Compared with the prior art according to DE 3627432 C2, the novel borate-free DOT 4 brake fluids have in particular a substantially higher ERBP which, in the case of BF 1, easily exceeds the minimum requirement according to FMVSS No. 116 by 20° C., and a lower water absorption and, associated therewith, a higher wet ERBP.
The novel brake fluids moreover lead to very good corrosion prevention, as shown by the results below for BF 1:

Corrosion Test According to SAE J 1704, Test Duration 120 h/100° C.:



	Weight change
Metal	[mg/cm²]	Appearance

Tin plate	±0.00	unchanged
Steel	+0.01	unchanged
Aluminum	±0.00	unchanged
Gray cast iron	+0.04	unchanged
Brass	−0.05	slightly tarnished
Copper	−0.05	slightly tarnished
Zinc	+0.03	tarnished

pH before/after test: 9.9/9.6

Claims

1-12. (canceled)

13. A brake fluid comprising

a) from 10 to 50% by weight of diethylene glycol and/or dipropylene glycol and

b) from 50 to 90% by weight of one or more monoalkyl ethers of (poly)ethylene glycol and/or (poly)propylene glycol.

14. The brake fluid as claimed in claim 13, which contains no boric acid esters.

15. The brake fluid as claimed in claim 13, which contains no polyalkylene glycol dialkyl ethers.

16. The brake fluid as claimed in claim 13, wherein diethylene glycol is used as component a).

17. The brake fluid as claimed in claim 13, wherein, in component b), the glycol is at least one selected from the group consisting of monoethylene glycol, diethylene glycol, triethylene glycol, tetraethylene glycol, pentaethylene glycol, hexaethylene glycol, monopropylene glycol, dipropylene glycol, tripropylene glycol, tetrapropylene glycol, pentapropylene glycol and hexapropylene glycol.

18. The brake fluid as claimed in claim 13, wherein, in component b), the alkyl radical is selected from linear and branched C₁-C₆-alkyl radicals.

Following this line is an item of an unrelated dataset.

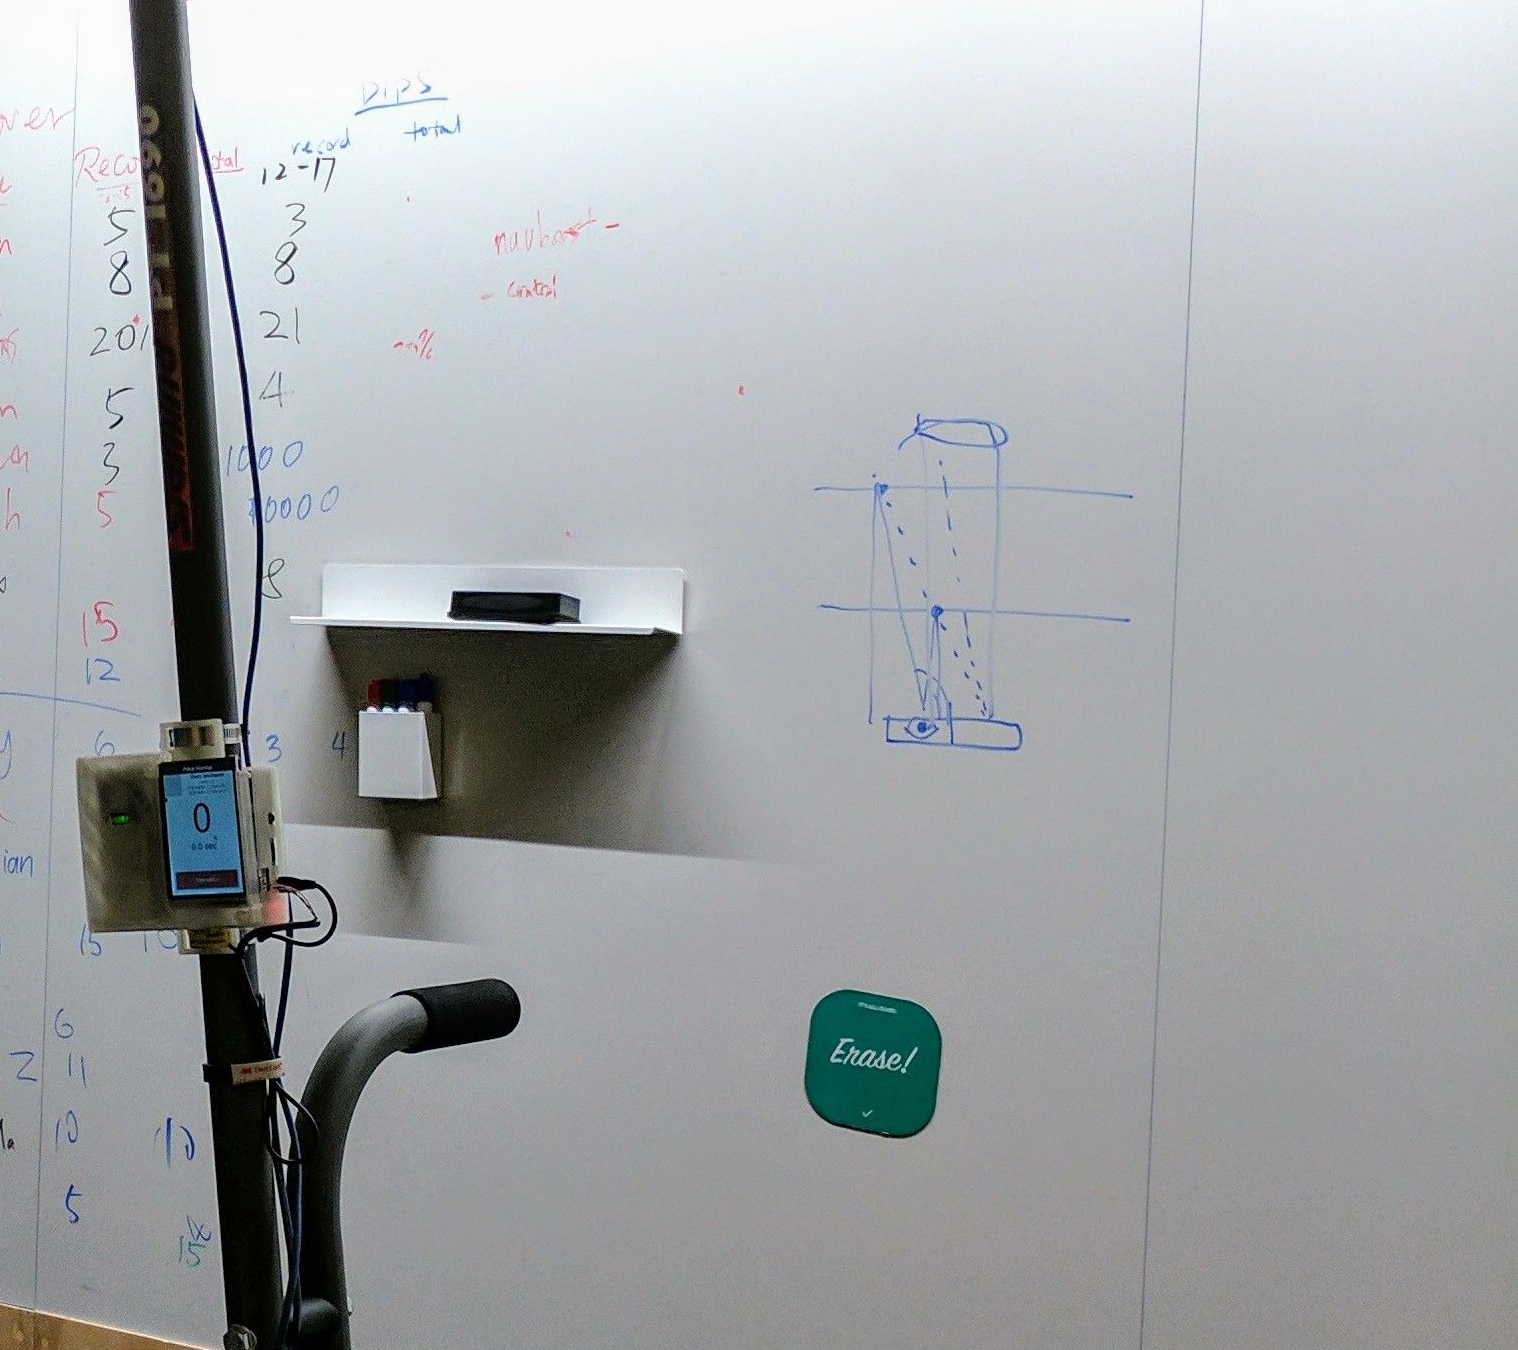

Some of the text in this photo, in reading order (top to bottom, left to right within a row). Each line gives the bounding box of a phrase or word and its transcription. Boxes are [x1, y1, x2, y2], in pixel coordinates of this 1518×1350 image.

19. The brake fluid as claimed in claim 13, wherein component b) is at least one selected from the group consisting of methyldiethylene glycol, methyltriethylene glycol, methyltetraethylene glycol and butyltriethylene glycol.

20. The brake fluid as claimed in claim 13, wherein reaction products of ethylene oxide and/or propylene oxide and/or butylene oxide with water or diols, are also present.

21. The brake fluid as claimed in claim 13, wherein from 0.01 to 10, % by weight of one or more corrosion inhibitors are present.

22. The brake fluid as claimed in claim 13, wherein the corrosion inhibitors are at least one selected from the group consisting of 1H-1,2,3-benzotriazole, 1H-1,2,3-tolutriazole, hydrogenated 1H-1,2,3-tolutriazole, benzimidazole and/or derivatives thereof, alkali metal salts of phosphoric acid and phosphorous acid, fatty acids, and alkali metal salts thereof, esters of phosphoric acid and of phosphorous acid, mono- and dialkylamines which may be ethoxylated and salts thereof with mineral and fatty acids, alkanolamines which may be ethoxylated, cyclohexylamine and nitro aromatics.

23. The brake fluid as claimed in claim 13, which complies with the following specification values (DOT 4):

ERBP: ≧230° C. Wet ERBP: ≧155° C. Viscosity at −40° C.: ≦1800 mm²/s

24. The brake fluid as claimed in claim 13 wherein the brake fluid is utilized as a brake fluid in motor vehicles.

25. A motor vehicle brake system comprising the brake fluid as claimed in claim 13.